Hat Uwe Holmer durch seine Aufnahmebereitschaft die beiden Honeckers der irdischen Gerechtigkeit entzogen? Das sicher nicht, aber wären sie vor Gericht gestellt und für ihre Verbrechen abgeurteilt worden, anstatt sie nach Chile entkommen zu lassen, hielte sich die Aufregung über dieses Buch in Grenzen. In seiner christlichen Alles-Verzeihen-Mentalität verbaut sich Uwe Holmer den Horizont für politische Einsichten und vermag, selbst SED-Opfer, nicht zu erkennen, wie Zehntausenden zumute war, die durch den Mauerbau 1961 um ihr Leben betrogen wurden, die dagegen aufbegehrten und die nach unsinnigen Paragraphen des politischen Strafrechts wie „Republikflucht“ oder „staatsfeindliche Hetze“, die in keinem Gesetzbuch eines demokratischen Staates auftauchen, zu langen Zuchthausstrafen verurteilt wurden.

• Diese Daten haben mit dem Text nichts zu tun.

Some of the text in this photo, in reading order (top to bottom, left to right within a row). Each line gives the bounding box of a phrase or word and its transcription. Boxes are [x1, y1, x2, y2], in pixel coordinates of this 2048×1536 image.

Manche Wortwahl in diesem Kapitel zeigt, daß Uwe Holmer Sympathie aufkommen ließ für die vom Volk bedrängten Kommunisten – wenn er etwa davon spricht, daß sie den „Zusammenbruch ihres Lebenswerks verkraften“ mußten. Mitunter scheint regelrecht Mitleid aufzuwallen, wenn Holmer davon berichtet, wie die „damals Regierenden beschimpft und angeklagt“ wurden. In klassischen Versöhnungsszenen sieht der Delinquent seine Schuld ein, zeigt Reue und wird geläutert. Die beiden Honeckers ließen davon nicht die geringste Spur erkennen, gaben sich verstockt und lehnten politische Gespräche ab. Sie hätten eine lebenslange Zuchthausstrafe verdient gehabt!

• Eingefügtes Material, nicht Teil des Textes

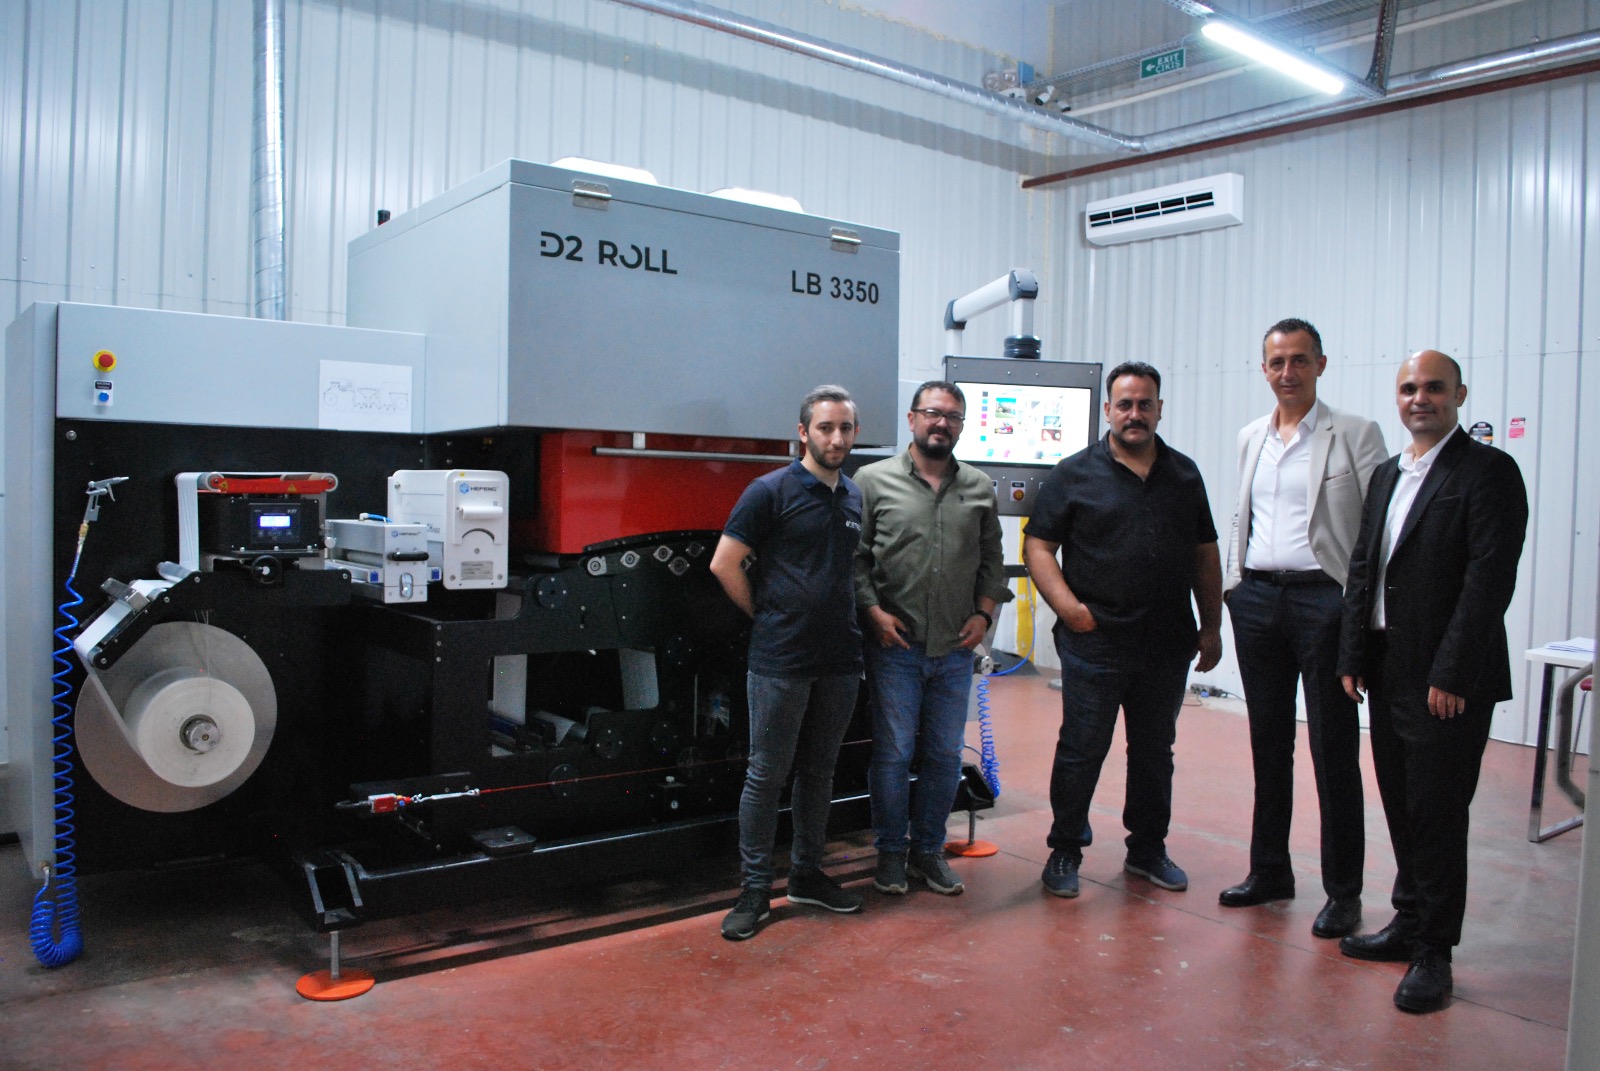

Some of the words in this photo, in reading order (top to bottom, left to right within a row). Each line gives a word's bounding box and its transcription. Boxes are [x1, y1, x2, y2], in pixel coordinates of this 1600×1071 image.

[1158, 52, 1180, 65] EXIT
[540, 230, 583, 262] D2
[598, 239, 678, 275] ROLL
[792, 270, 822, 296] LB
[830, 276, 879, 305] 3350
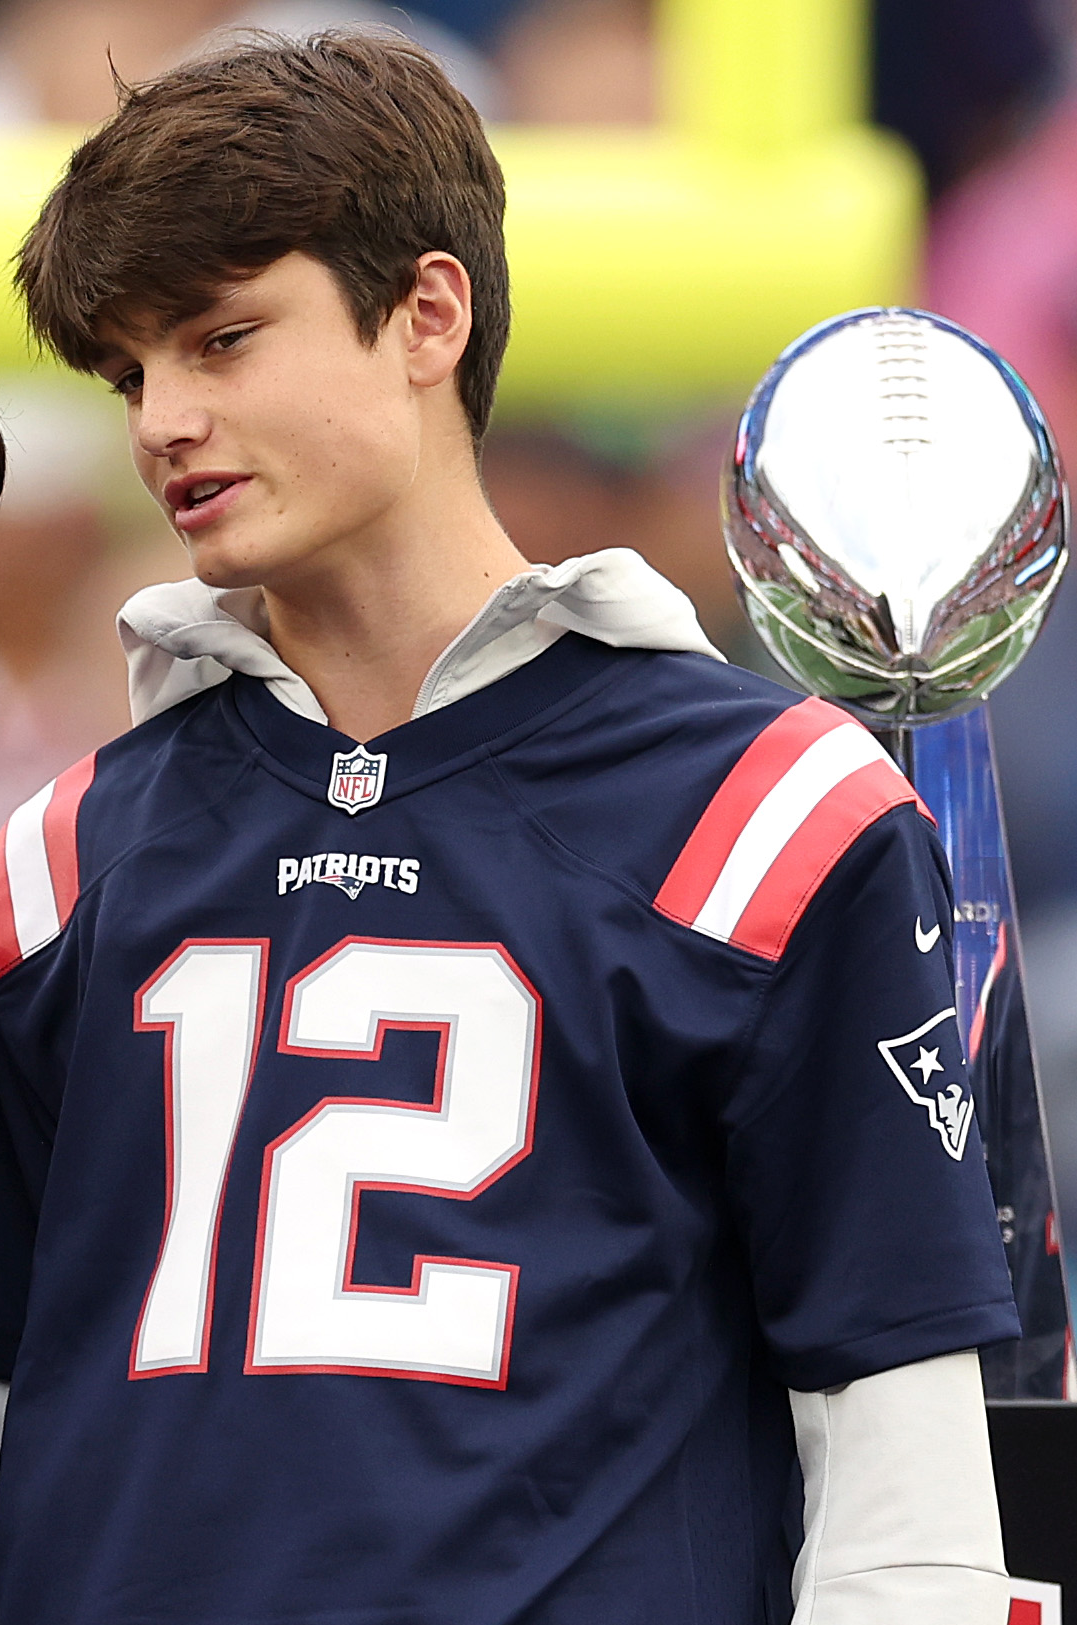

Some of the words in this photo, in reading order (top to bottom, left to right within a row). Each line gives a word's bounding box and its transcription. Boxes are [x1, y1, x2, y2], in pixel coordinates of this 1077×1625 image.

[336, 777, 372, 801] NFL
[277, 853, 421, 896] PATRIOTS
[128, 935, 542, 1391] 12

Uwe Holmer: Der Mann, bei dem Honecker wohnte. SCM Hänssler Verlag, Holzgerlingen 2009, gebunden, 220 Seiten, Abbildungen, 14,95 Euro

Fotos: Pfarrhaus inmitten der Hoffnungstaler Anstalten Lobetal nördlich von Berlin: „Daß Ihr mir keinen abweist!“, Margot und Erich Honecker: Nicht die geringste Spur von Reue

 

Berichtigung JF 42/09

Im Artikel „Asyl in der Opiumhöhle“ von Jörg Bernhard Bilke wird der Eindruck erweckt, Erich und Margot Honecker wären für ihre Verbrechen nicht vor Gericht gestellt worden. Richtig ist dagegen, daß gegen Erich Honecker am 12. November 1992 vor dem Berliner Landgericht Anklage wegen Totschlags und versuchten Totschlags in mehreren Fällen erhoben wurde. Auf Antrag der Verteidigung wurde das Verfahren wegen der schweren Krankheit des Angeklagten eingestellt. Margot Honecker entzog sich einer strafrechtlichen Verfolgung durch Flucht. Wir bitten, die Ungenauigkeit zu entschuldigen (JF)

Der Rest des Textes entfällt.